Simple messages can have powerful results. That lesson was reinforced for me recently, and in a decidedly non-business environment. 

My mother was in the hospital; when things took a final turn I needed to quickly travel from a client site in China to my hometown in Georgia to be with her, my Dad, my brother and the extended family. Economy class between Hong Kong and the States gives you plenty of time to think and enough discomfort to ensure major chunks of sleep don’t interrupt. 

I mostly thought about our boys. They were young, ranging in age from seven to 11, and lacked any experience with a grandparent passing. They and my wife would be meeting me in an emotionally charged atmosphere and in a place other than home. They needed context and comfort, even moreso than I would. 

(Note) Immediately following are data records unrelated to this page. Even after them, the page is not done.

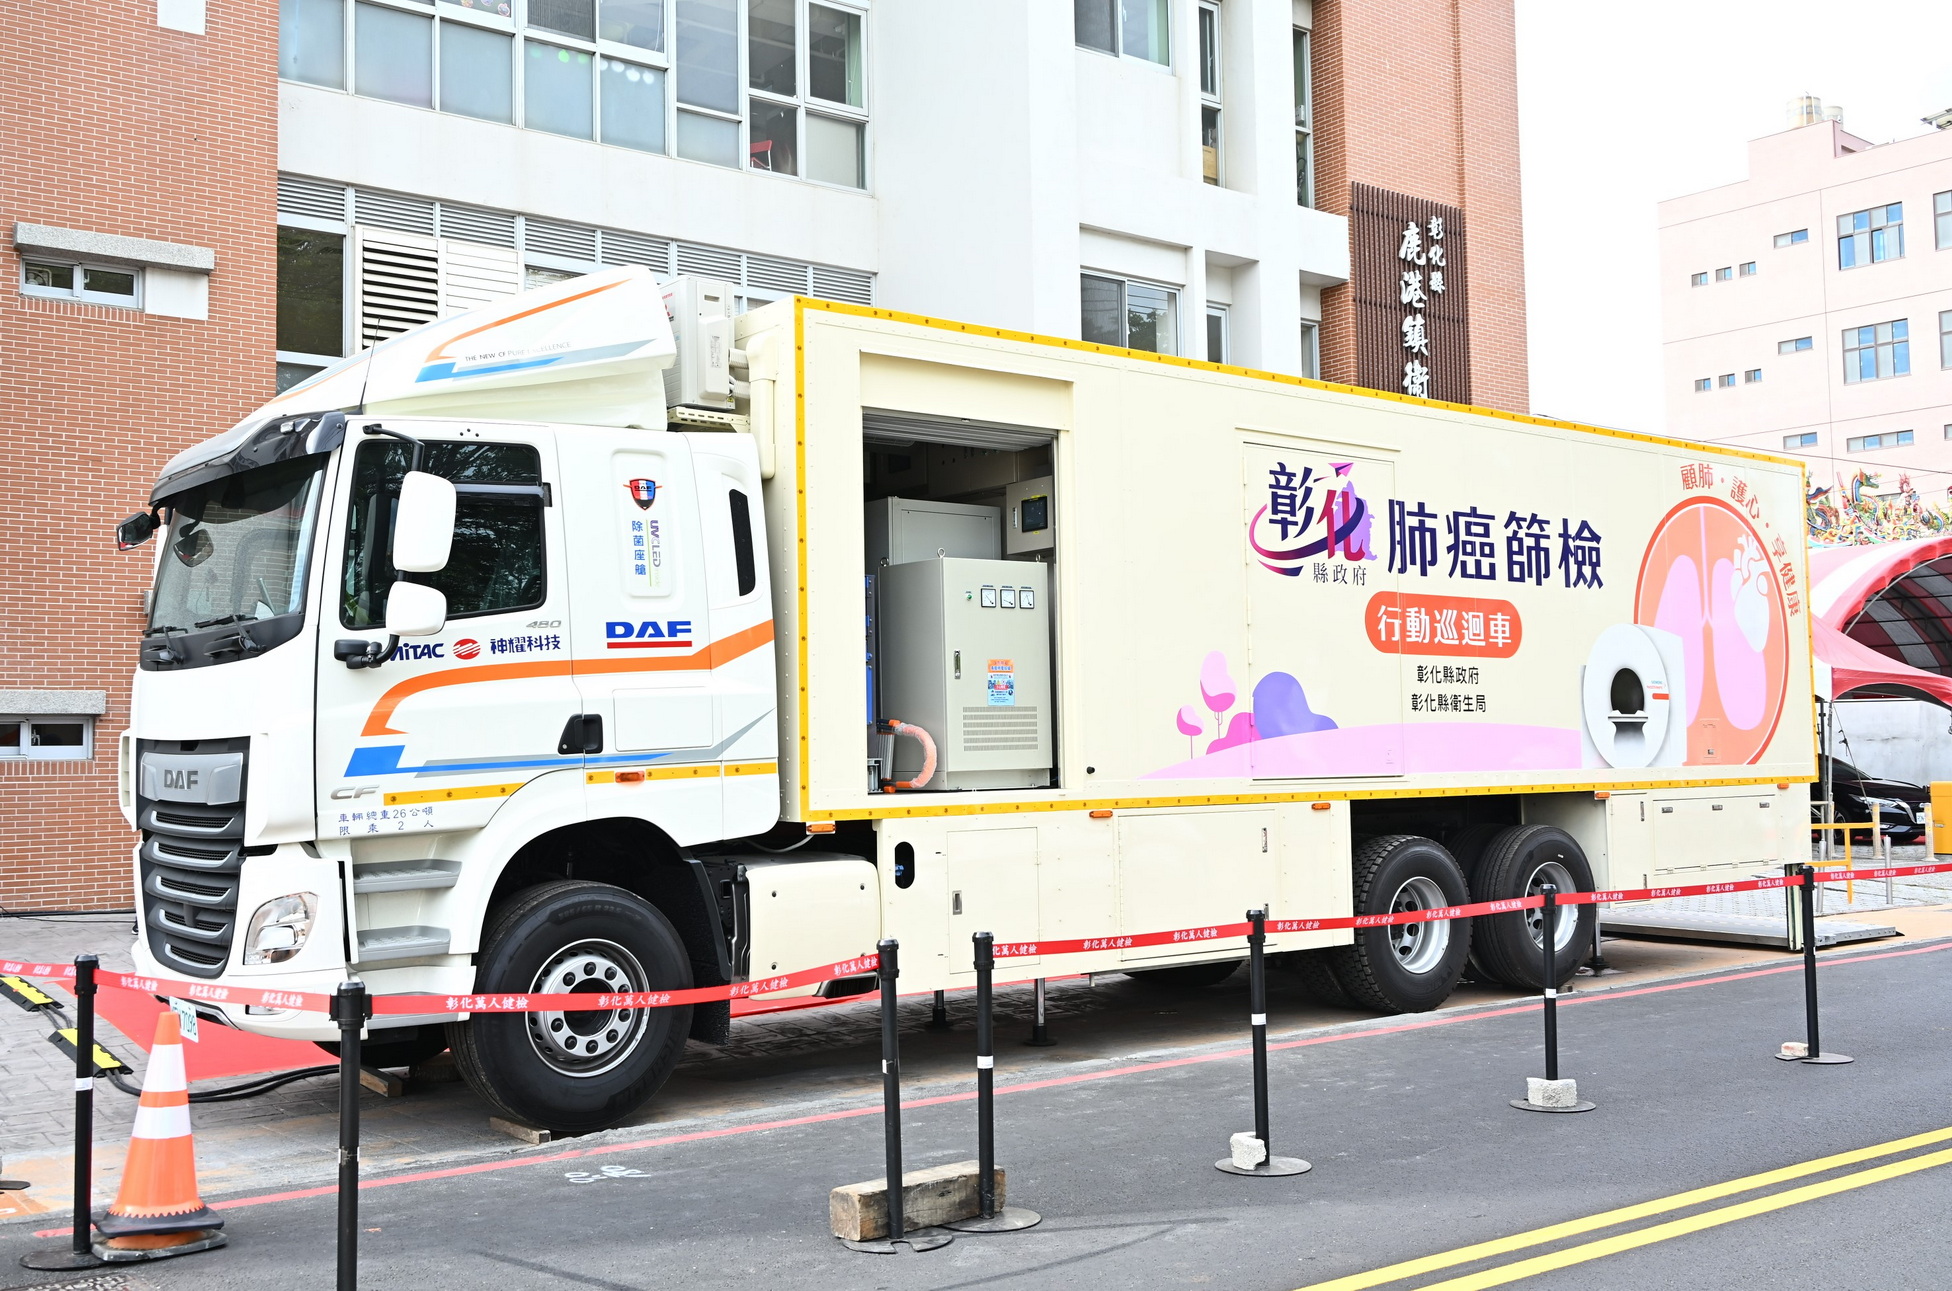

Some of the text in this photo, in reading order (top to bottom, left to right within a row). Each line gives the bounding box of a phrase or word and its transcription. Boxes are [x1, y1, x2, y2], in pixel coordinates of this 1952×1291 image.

[1427, 215, 1446, 294] 彰化縣
[465, 354, 477, 362] THE
[479, 352, 496, 360] NEW
[631, 520, 646, 576] 除菌座艙
[1387, 498, 1604, 590] 肺癌篩檢
[1312, 562, 1367, 586] 縣政府
[606, 621, 692, 638] DAF
[1377, 604, 1512, 648] 行動巡迴車
[490, 634, 561, 654] 神耀科技
[1416, 665, 1479, 685] 彰化縣政府
[1411, 693, 1487, 713] 彰化縣衛生局
[164, 769, 198, 790] DAF
[330, 784, 380, 800] CF
[1083, 937, 1133, 950] 彰化萬人健檢
[1173, 928, 1218, 942] 彰化萬人健檢
[729, 977, 789, 997] 彰化萬人健檢
[445, 996, 529, 1010] 彰化萬人健檢
[598, 993, 671, 1008] 彰化萬人健檢

Any leader–of a family, team, or entire organization–bears responsibility for thinking of others first, making the bigger picture clear, showing the path of change and providing the right example. This was going to be one of those “teachable moments,” and I knew that I should draw upon my professional experience with change programs and message management in order to teach well in an important moment that went far beyond business. 

So, I used the hours in row 32 of a Cathay Pacific flight to think about the takeaways I wanted the boys to have–and a simple, clear message to help them get there. It would be three points, max. I came up with these: 

It’s okay if you feel sad. In fact, it’s okay if you’re not sure what you feel. You might see your Daddy cry and, if that happens, then a simple hug or high-five will help. I’ll be just fine. Everyone reacts a little differently so don’t worry about feeling the “right” way. 

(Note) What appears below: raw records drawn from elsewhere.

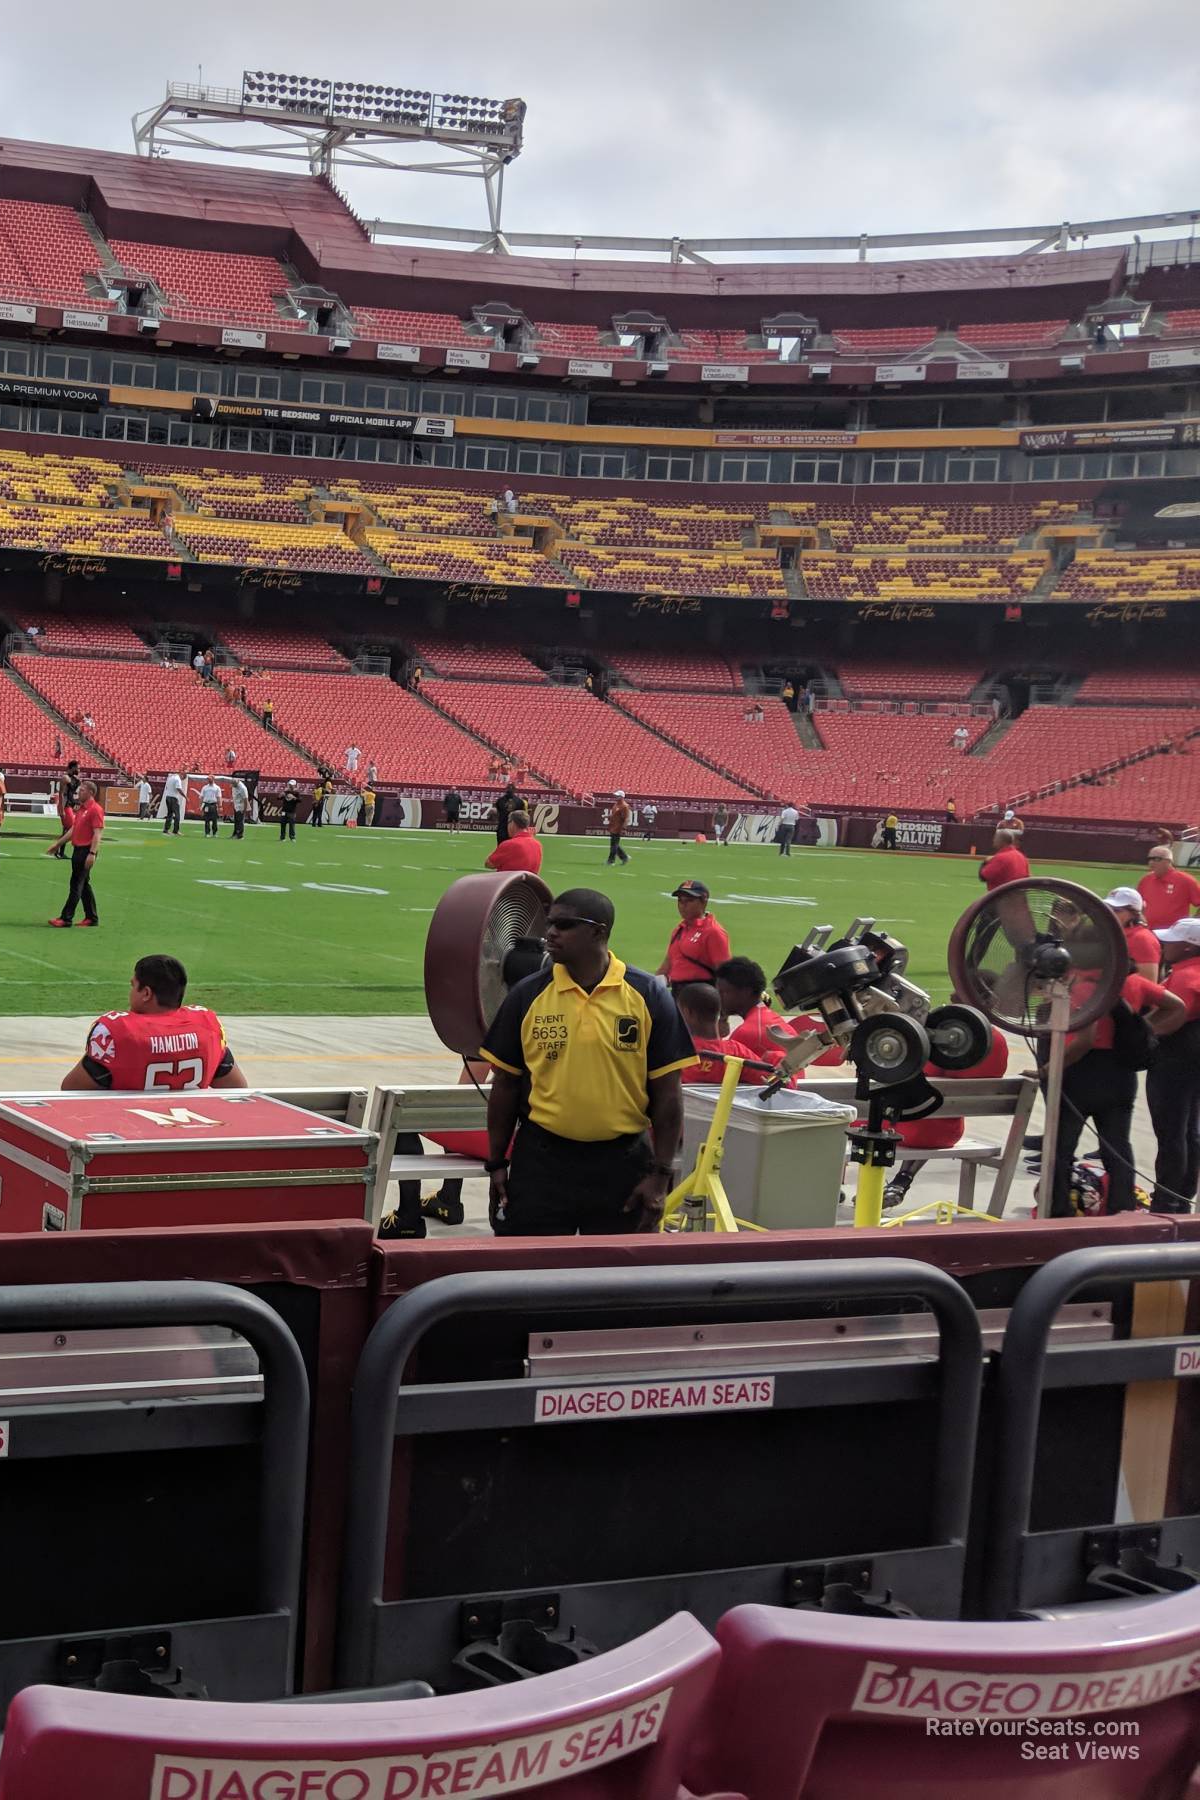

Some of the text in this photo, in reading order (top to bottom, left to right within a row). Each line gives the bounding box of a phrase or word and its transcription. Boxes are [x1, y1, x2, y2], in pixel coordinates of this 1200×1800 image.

[13, 384, 62, 398] PREMIUM
[63, 389, 99, 402] VODKA
[217, 404, 263, 416] DOWNLOAD
[264, 408, 280, 418] THE
[281, 410, 322, 421] REDSKINS
[329, 414, 365, 426] OFFICIAL
[365, 417, 395, 428] MOBILE
[395, 420, 413, 430] APP
[458, 802, 494, 820] 987
[895, 831, 942, 846] SALUTE
[532, 1025, 569, 1041] 5653
[535, 1014, 566, 1034] EVENT
[150, 1033, 199, 1054] HAMILTON
[538, 1040, 567, 1051] STAFF
[545, 1050, 559, 1061] 49
[541, 1381, 771, 1418] DIAGEO DREAM SEATS
[864, 1671, 1041, 1714] DIAGEO
[1049, 1664, 1181, 1713] DREAM
[383, 1740, 552, 1800] DREAM
[557, 1702, 661, 1770] SEATS

You’re going to see how brothers pull together. Sure, my brother and I aggravated each other regularly when we were kids. But we are adults and we’re in this together for our entire lives. We will be working for the good of the family at the funeral and beyond. 

You will see the impact of a life well-lived, but this isn’t the end. Lots of people (some you know, many you don’t) will come to the funeral and tell you how special your grandmother was. She helped a lot of people. She also was saved many years ago, so her passing isn’t the end forever. Know that she got a lot out of her 82 years, she loved you, and we will see her again someday. 

One of my consulting colleagues was asking me about the roller-coaster that has been the past few weeks. When I shared some of this with him, he asked, “Jim, have you written this down? You should.” He was right. 

As a leader, any training and practice you can get in crafting and delivering simple messages for the benefit of others is time well spent. You never know when that skill will be needed the most.